Suffolk County Sheriff Andrea Cabral showed that Arroyo’s
election was no fluke when the black woman trounced Irish-American
challenger Stephen Murphy in this fall’s Democratic primary.
When voters turn out to pick a mayor and 13-member city council
next fall, housing activist Sam Yoon hopes to become the first
Asian-American elected to the council.
Yoon, 34, says he decided to run after witnessing first-hand the
power elected officials can have when Sen. Dianne Wilkerson and
Rep. Sal DiMasi lent their weight to a community-driven effort
Yoon was coordinating, pushing for affordable housing on a parcel
of Highway Department land.
“It had a lot to do with my experience in Chinatown, seeing
the difference it made when elected officials use their office
to empower neighborhoods,” he said Monday during a Banner
interview. “The community vision is well-represented in
the state’s request for proposals.”
Yoon himself gained valuable leadership experience heading the
campaign that brought together 16 community groups.
“That work was inherently political work,”
said Yoon, who is housing director at the Asian Community Development
Corporation.
Yoon says he would seek to build consensus on the council, an
approach that critics say progressive councilors Arroyo, Chuck
Turner and Charles Yancey do not take often enough.
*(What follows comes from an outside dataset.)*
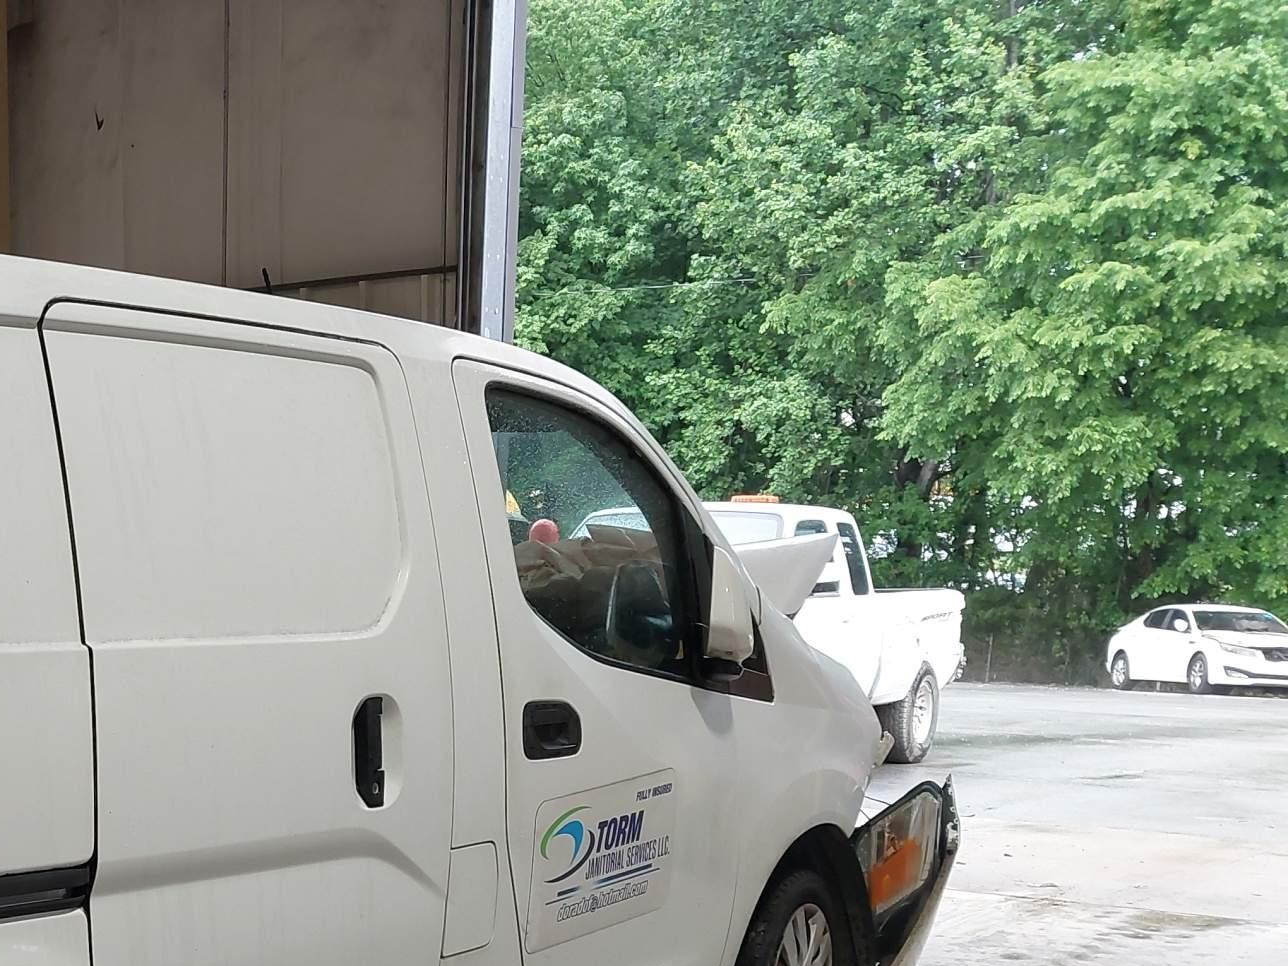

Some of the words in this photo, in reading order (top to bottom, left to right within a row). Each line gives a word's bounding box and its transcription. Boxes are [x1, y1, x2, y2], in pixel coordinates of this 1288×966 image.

[636, 788, 652, 801] FULLY
[651, 783, 673, 796] INSURED
[585, 848, 625, 880] JANITORIAL
[626, 840, 657, 867] SERVICES
“Through negotiation, deal making and compromises I would
get at the issues those four care about,” said Yoon. “But
my approach would differ.”
Yoon, a one-time public school teacher, lists affordable housing,
education reform and economic development as his top priorities.
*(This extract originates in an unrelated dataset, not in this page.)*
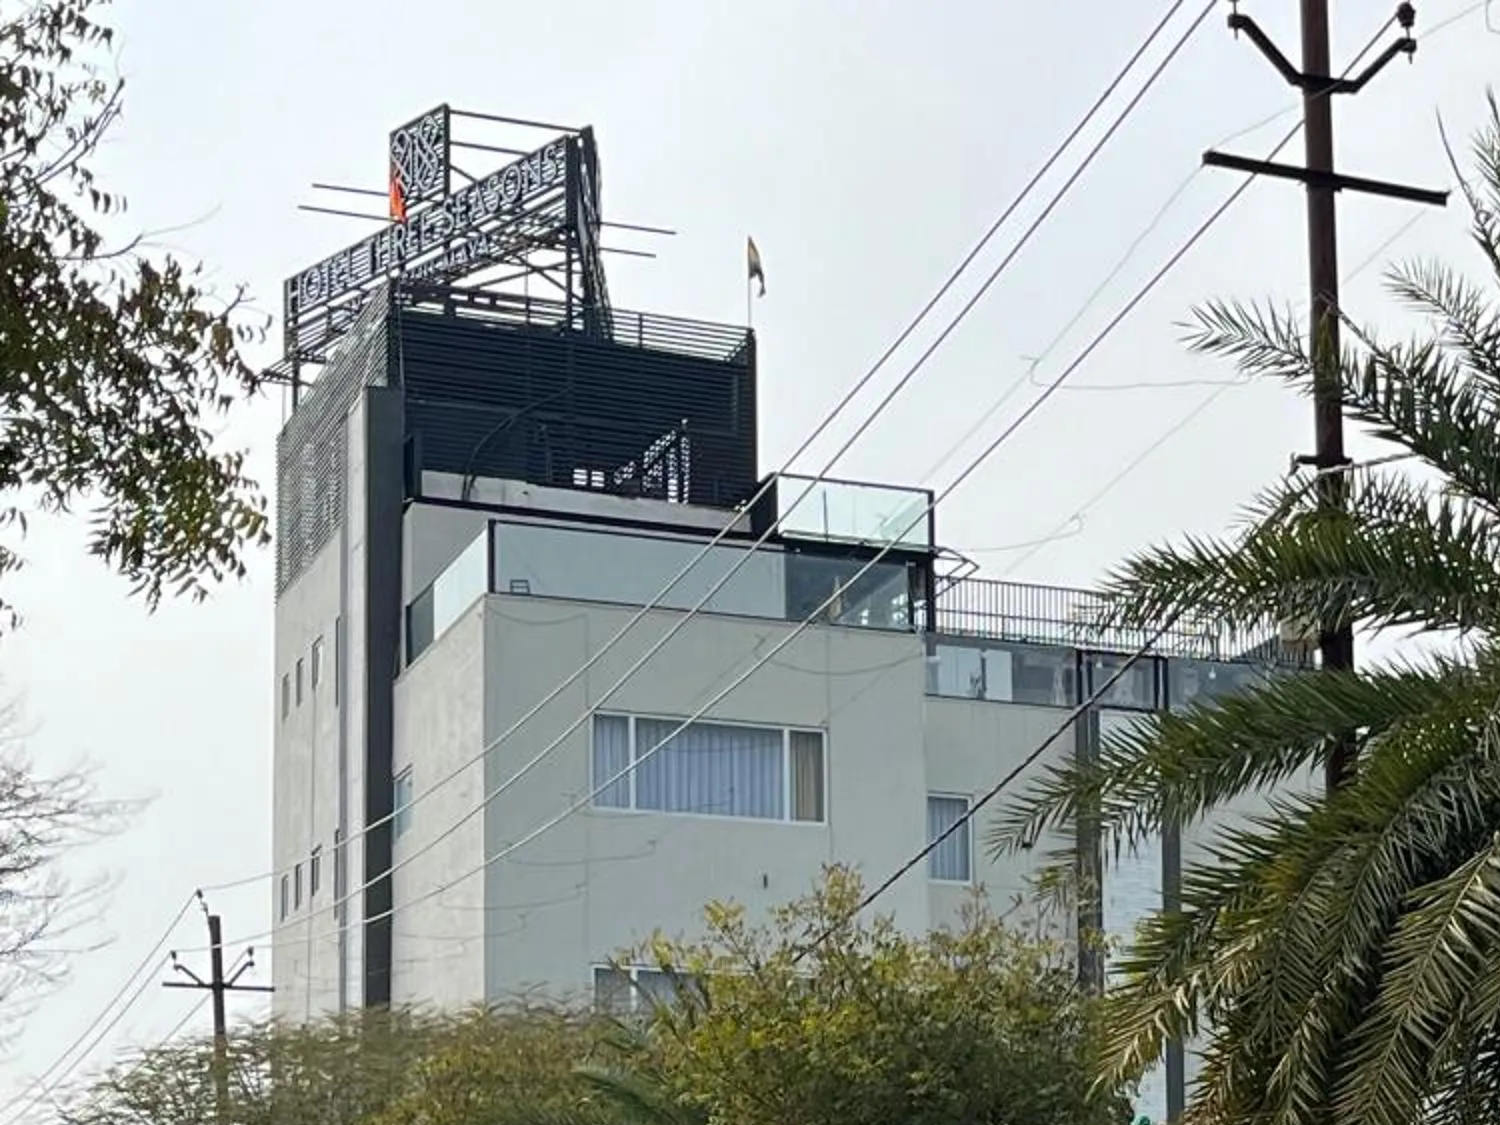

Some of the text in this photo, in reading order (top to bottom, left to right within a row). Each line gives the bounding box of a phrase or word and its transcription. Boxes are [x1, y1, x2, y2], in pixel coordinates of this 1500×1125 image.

[286, 143, 558, 318] HOTEL THREE SEASONS
However, he has not yet formulated his positions on most issues.
He expressed skepticism about the arguments of those who voted
down a recent plan to cap annual rent increases, but would not
take a position on the measure.
Yoon says he favors separating the planning and development functions
of the Boston Redevelopment Agency, which critics say disregards
communities’ wishes. As regards to whether he would have
supported significantly curtailing the BRA’s urban renewal
authority, something the majority of the council failed to do
in a recent vote that extended those powers to 2009, Yoon remained
vague.
“The BRA’s urban renewal powers were created in a
time when Boston was very different,” he said. “The
BRA needs to be re-sized and shaped based on what the city needs
today.”
Yoon, who grew up in rural Illinois and Pennsylvania and now lives
in the Fields Corner neighborhood of Dorchester, looks to Chinese-
and Vietnamese-Americans as well as other Asians and community
development activists as his political base.
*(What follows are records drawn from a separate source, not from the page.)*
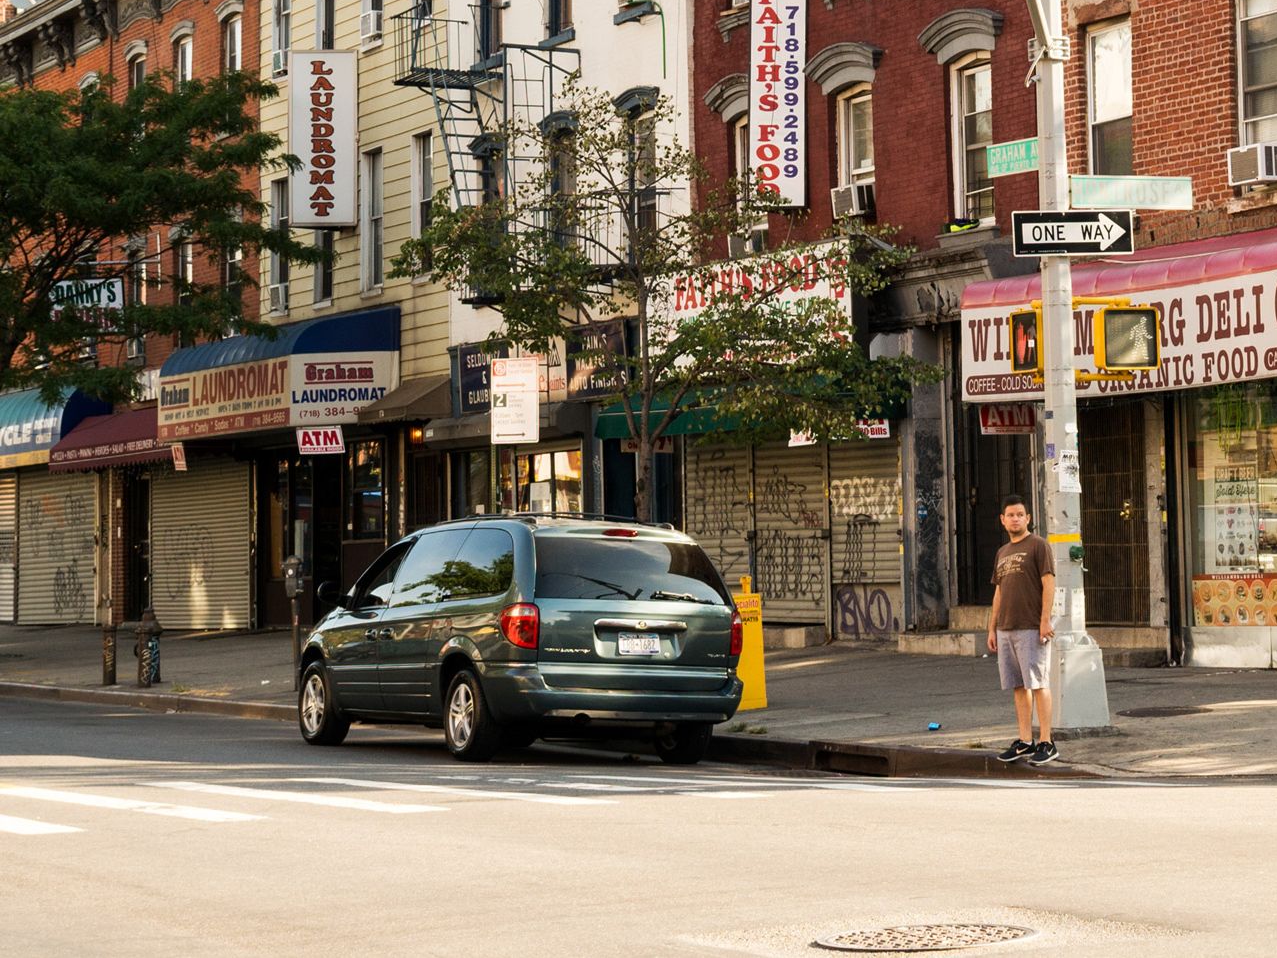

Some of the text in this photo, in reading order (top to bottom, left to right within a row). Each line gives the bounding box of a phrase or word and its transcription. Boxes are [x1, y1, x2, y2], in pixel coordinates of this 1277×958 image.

[310, 60, 336, 217] LAUNDROMAT
[1032, 224, 1114, 241] ONE WAY
[55, 281, 116, 305] DANNY'S
[1195, 284, 1265, 343] DELI
[306, 364, 374, 381] Graham
[1202, 346, 1258, 383] FOOD
[161, 360, 288, 407] Graham LAUNDROMAT
[968, 377, 996, 393] COFFEE
[1000, 375, 1020, 391] COLD
[292, 387, 386, 404] LAUNDROMAT
[468, 390, 492, 405] GLAUB
[495, 394, 504, 407] 2
[299, 409, 320, 419] (718)
[986, 404, 1029, 426] ATM
[301, 430, 340, 446] ATM
[870, 427, 888, 436] Bills
He plans to conduct a rigorous meet-and-greet and door-knocking
campaign and reach out to political operatives and elected officials
in communities of color and white communities.
“I think Sam should be reaching out to as many leaders as
possible in communities of color,” said Mukiya Baker-Gomez,
a well-respected campaign manager in the black community. “Endorsements
are really critical, especially at the neighborhood level, because
those people carry your water.”
Yoon says he has already raised over $30,000. According to the
Office of Campaign and Political Finance, incumbent Murphy has
only $13,668 in his war chest and Arroyo has just $2,068.